Secondly, the volume-based billings, based on the number of employees or servers serviced by HCL Tech, will be impacted over the next financial year.

This is because, as clients curtail operations, it will directly impact the number of employees or servers serviced by the company.

Manufacturing, entertainment and non-grocery retail verticals could be the most impacted by the pandemic. Manufacturing, which constitutes around 20 per cent of the company’s revenues, will face the heat because automotive and aerospace industries will see a lull.

But the good thing is that revenue exposure to entertainment and non-grocery vertical is not that large.

Besides, verticals which will see low impact or will remain resilient, such as financial services, telecom, life sciences & healthcare and technology services,s constitute nearly 30 per cent of the company’s total revenues.

Products business holds promise

Another factor working in favour of HCL is the fact that the company has a decent pipeline and order inflow that will see it through FY21.

The firm expects some of the deals that it signed in the quarter ended March 31, 2020 to start coming on stream by the June-September quarter in FY21.

Also, the products and platforms business (includes IBM products suite acquired in December 2018) is doing well and is aiding margin growth.

The firm had concluded the purchase of IBM products in July 2019. It is selling these products to many of its existing customers.
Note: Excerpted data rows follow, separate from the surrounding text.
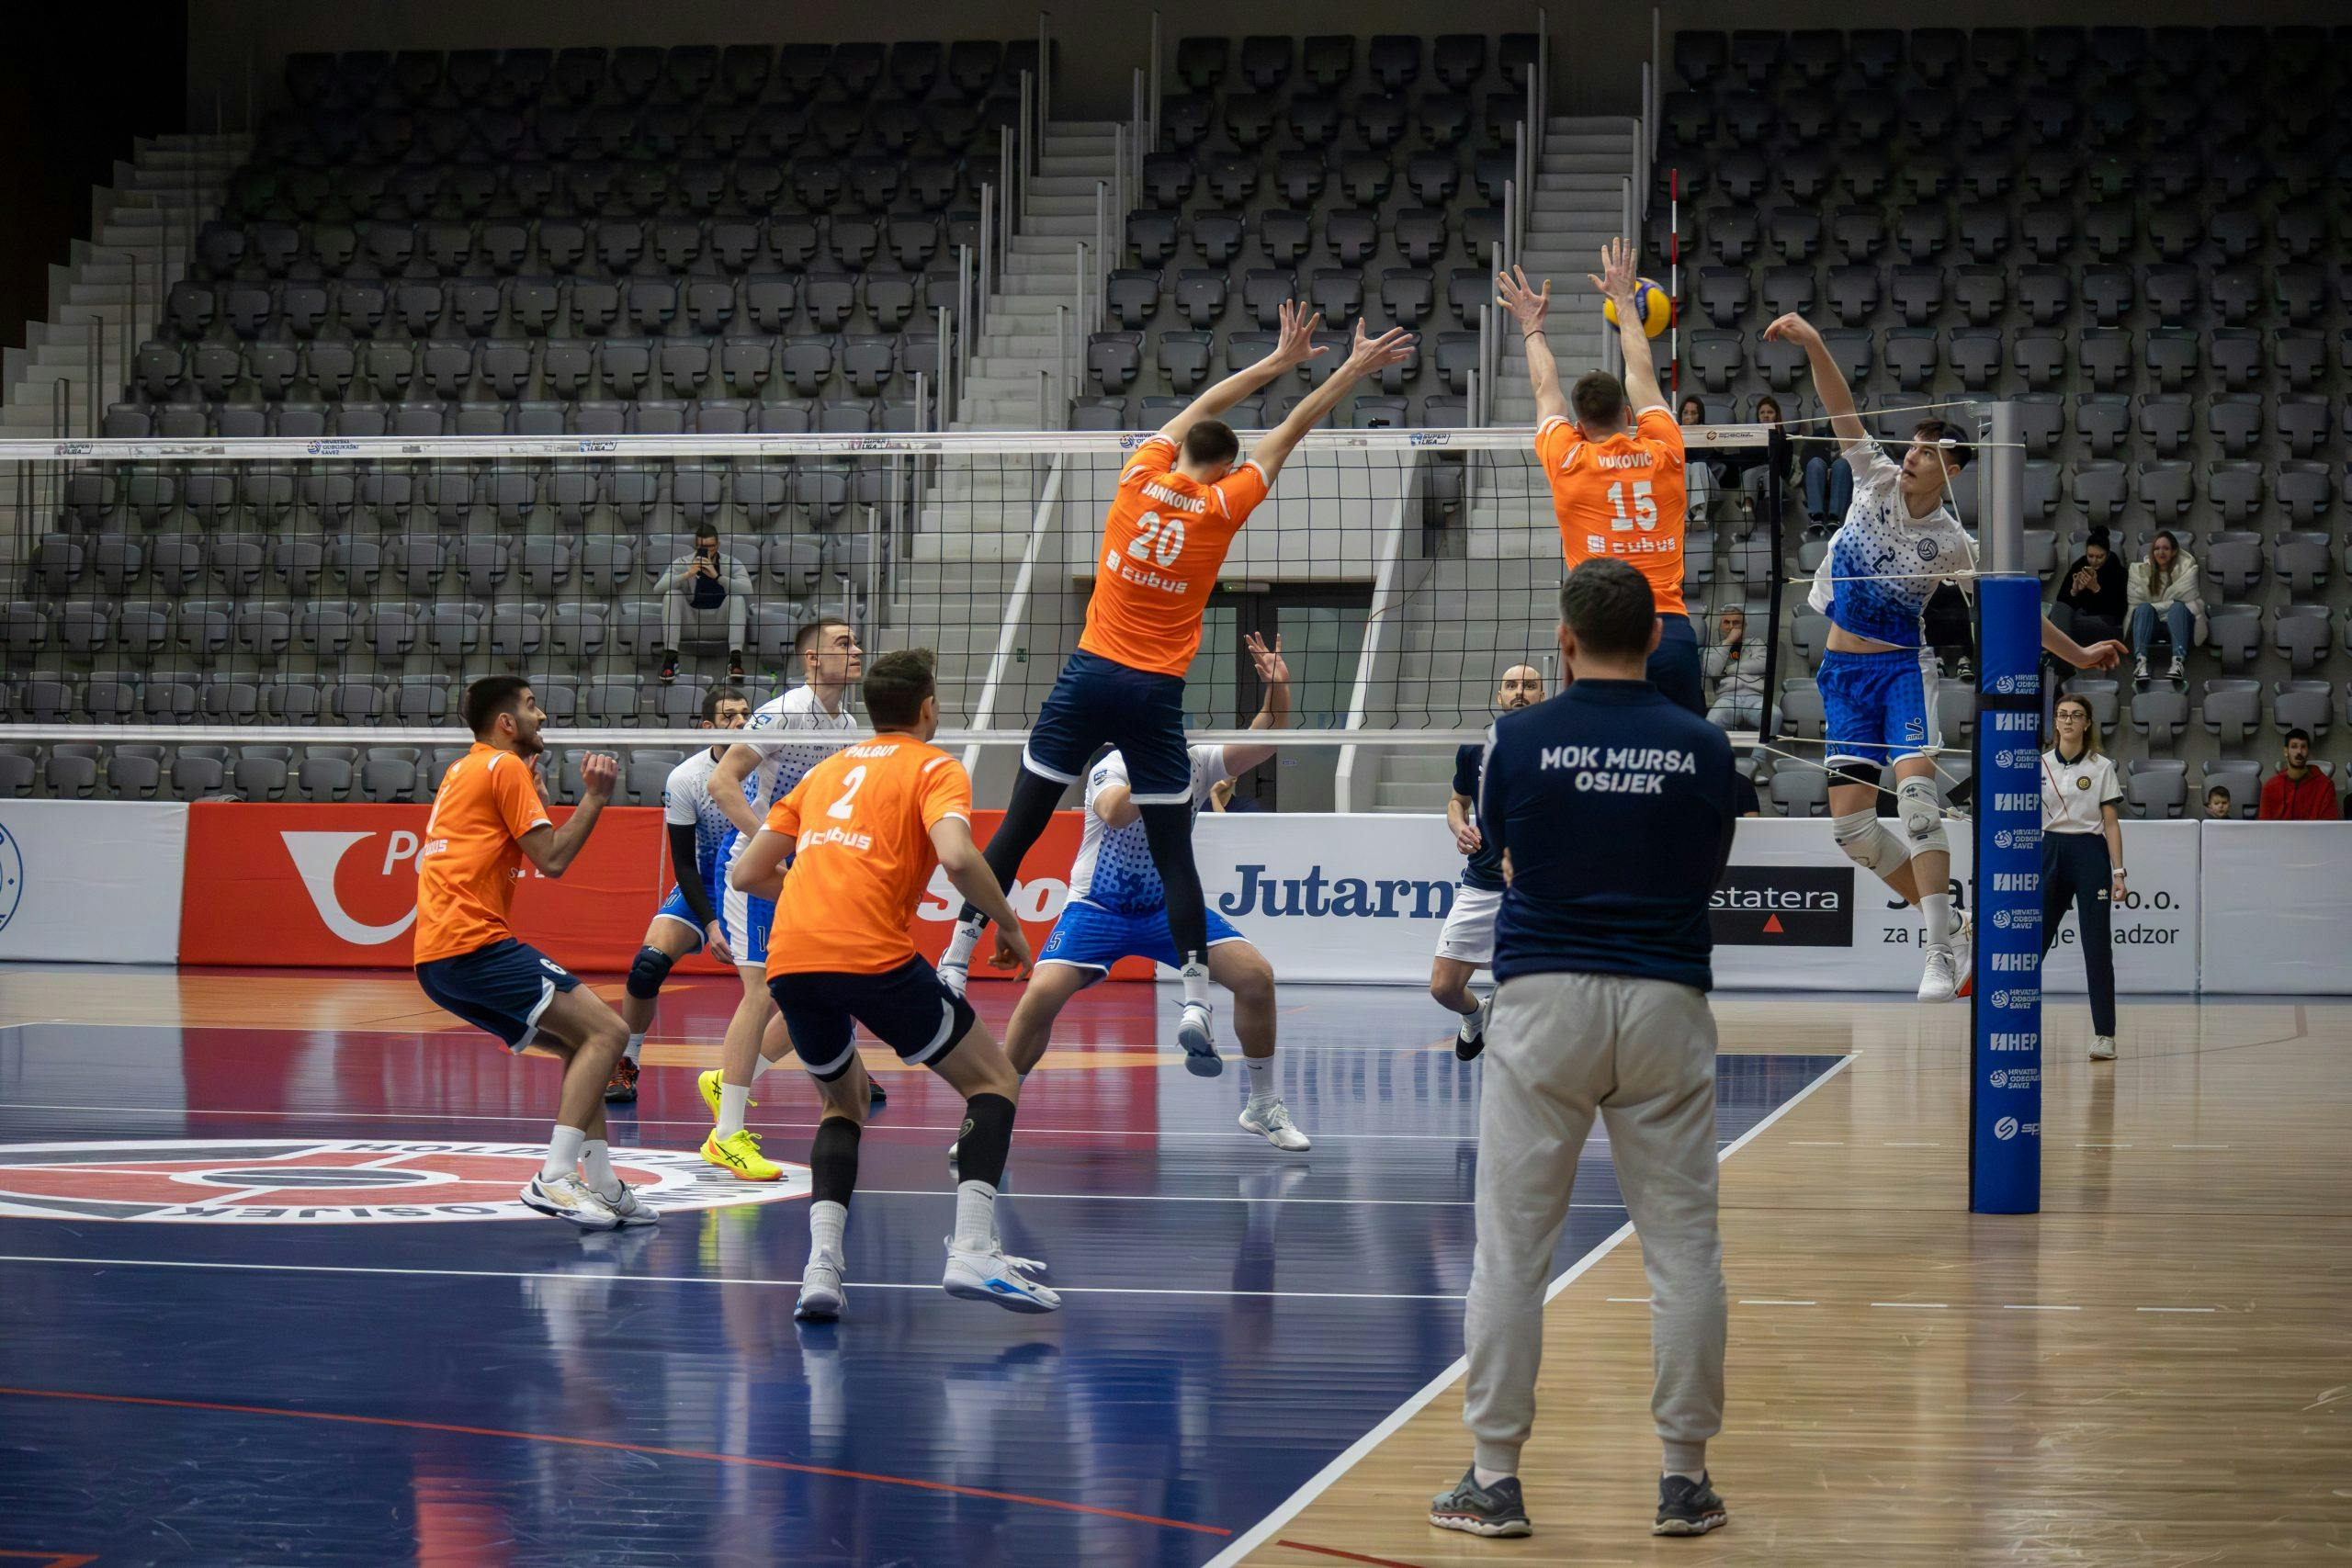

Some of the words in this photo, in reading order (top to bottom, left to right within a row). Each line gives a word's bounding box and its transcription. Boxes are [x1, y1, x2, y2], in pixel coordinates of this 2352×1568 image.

[1598, 449, 1653, 469] VUKOVIĆ
[1142, 482, 1205, 514] JANKOVIĆ
[1607, 480, 1657, 531] 15
[1126, 511, 1185, 568] 20
[1121, 565, 1188, 594] cubus
[1541, 746, 1600, 771] MOK
[1604, 748, 1696, 774] MURSA
[827, 764, 867, 820] 2
[1575, 771, 1666, 794] OSIJEK
[2013, 793, 2040, 811] HEP
[1219, 864, 1465, 919] Jutarn
[2011, 873, 2040, 891] HEP
[1708, 886, 1838, 908] statera
[2114, 890, 2180, 910] .o.o.
[1046, 931, 1066, 953] 5
[1884, 929, 1909, 943] za
[2114, 924, 2180, 944] adzor
[2009, 953, 2039, 971] HEP
[2008, 1032, 2038, 1051] HEP
[162, 1204, 499, 1219] OSIJEK
This business segment is also the least affected by the pandemic, despite seeing some sluggishness recently.

Opportunity in digital

As the pandemic unfolds globally, many digital services that businesses were going to adopt over the next 3-4 years will be advanced.
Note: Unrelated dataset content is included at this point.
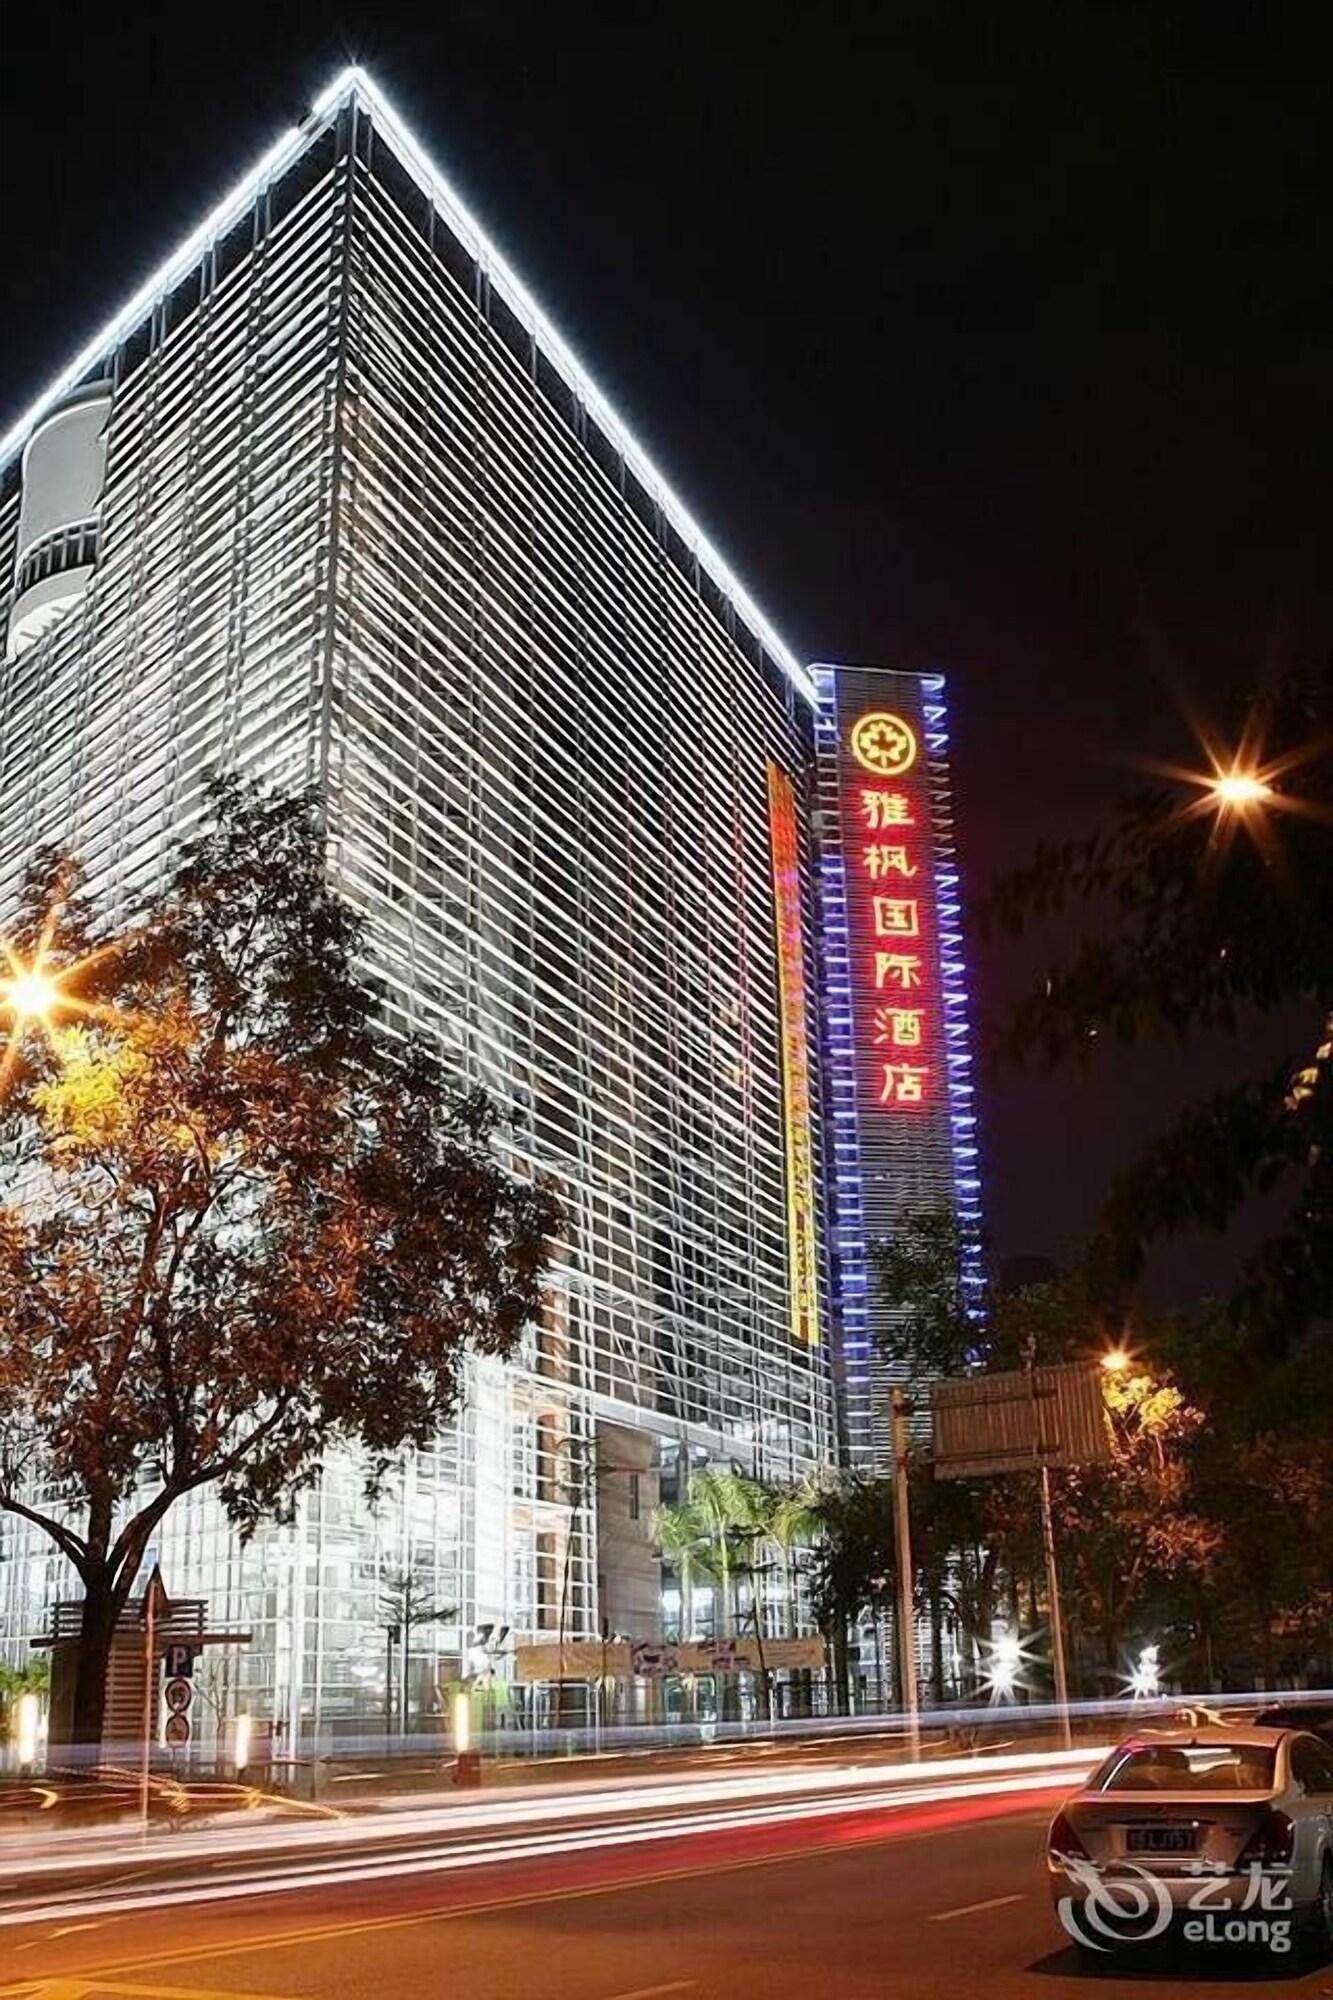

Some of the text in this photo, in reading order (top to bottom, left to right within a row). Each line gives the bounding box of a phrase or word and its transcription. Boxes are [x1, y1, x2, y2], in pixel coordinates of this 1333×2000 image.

This will mean more business opportunities for companies like HCL Tech over the next two financial years. Vendor consolidation is inevitable — smaller or boutique IT services companies will lose out to larger firms.
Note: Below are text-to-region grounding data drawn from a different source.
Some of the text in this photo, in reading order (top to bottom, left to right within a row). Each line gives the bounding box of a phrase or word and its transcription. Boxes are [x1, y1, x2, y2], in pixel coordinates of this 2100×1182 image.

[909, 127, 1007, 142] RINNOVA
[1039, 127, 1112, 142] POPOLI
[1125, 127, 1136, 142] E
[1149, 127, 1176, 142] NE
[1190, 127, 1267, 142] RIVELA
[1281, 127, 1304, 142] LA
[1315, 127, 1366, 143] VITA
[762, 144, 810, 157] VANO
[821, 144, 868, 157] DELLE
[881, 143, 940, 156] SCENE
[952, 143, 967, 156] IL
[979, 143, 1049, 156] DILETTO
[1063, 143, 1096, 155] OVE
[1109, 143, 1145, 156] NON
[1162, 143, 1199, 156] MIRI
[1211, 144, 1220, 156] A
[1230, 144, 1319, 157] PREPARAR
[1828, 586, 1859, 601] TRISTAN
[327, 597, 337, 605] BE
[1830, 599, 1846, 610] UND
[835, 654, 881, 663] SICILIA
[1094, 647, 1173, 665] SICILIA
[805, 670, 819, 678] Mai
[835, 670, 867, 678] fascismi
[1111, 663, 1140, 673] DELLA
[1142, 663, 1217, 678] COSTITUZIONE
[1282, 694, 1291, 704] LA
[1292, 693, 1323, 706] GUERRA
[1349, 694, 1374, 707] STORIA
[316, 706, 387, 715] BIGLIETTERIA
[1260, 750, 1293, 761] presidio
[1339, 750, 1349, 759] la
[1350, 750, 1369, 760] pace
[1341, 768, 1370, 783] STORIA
More businesses will adopt solutions to enable remote working and operations. Digital channels of sales will gain primacy and so will demand for managed services on cloud platforms, telemedicine, cyber security, and cloud migration. With vendor consolidation a given in the IT services space, these services present a good opportunity for top-tier Indian IT services firms like HCL Tech.

Annual financials

In FY20, the company posted a constant currency revenue growth of 16.7 per cent year-on year to $9.94 billion, which was at the top-end of its guided range, with 10.7 per cent organic revenue growth.

Some cost-control measures allowed it to post earnings before interest and taxes (EBIT) margins of 19.6 per cent, and meet its margin guidance for the year.